Task item
Your task is to repeat all of the data exactly while excluding the pictures.
_____
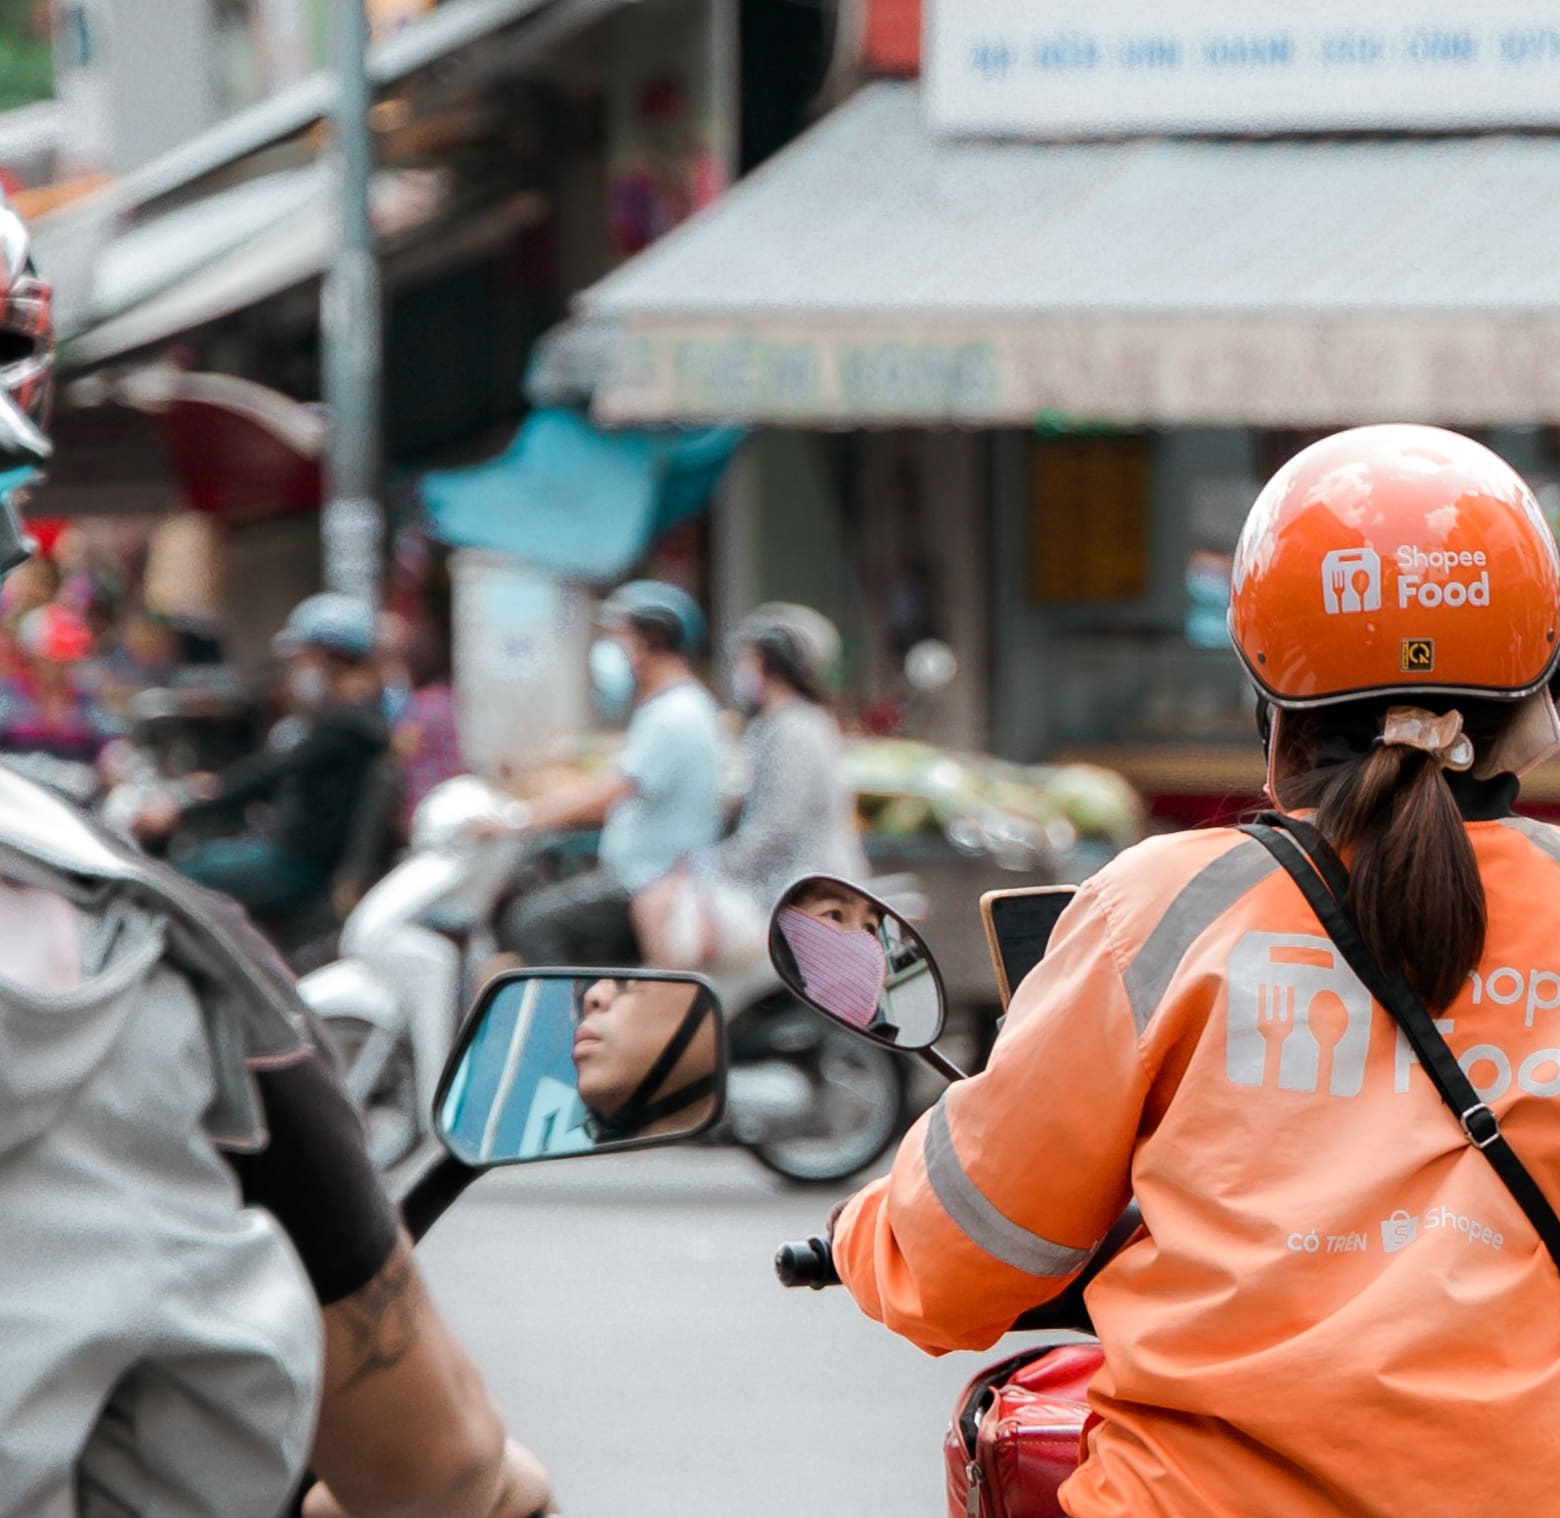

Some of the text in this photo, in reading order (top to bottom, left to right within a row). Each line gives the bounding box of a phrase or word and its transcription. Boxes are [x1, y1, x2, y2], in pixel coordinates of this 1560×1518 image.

[1397, 545, 1487, 575] Shopee
[1397, 571, 1490, 608] Food
[1287, 1228, 1320, 1253] CÓ
[1423, 1206, 1504, 1250] Shopee
_____
Output
Some of the text in this photo, in reading order (top to bottom, left to right within a row). Each line gives the bounding box of a phrase or word and its transcription. Boxes are [x1, y1, x2, y2], in pixel coordinates of this 1560×1518 image.

[1397, 545, 1487, 575] Shopee
[1397, 571, 1490, 608] Food
[1287, 1228, 1320, 1253] CÓ
[1423, 1206, 1504, 1250] Shopee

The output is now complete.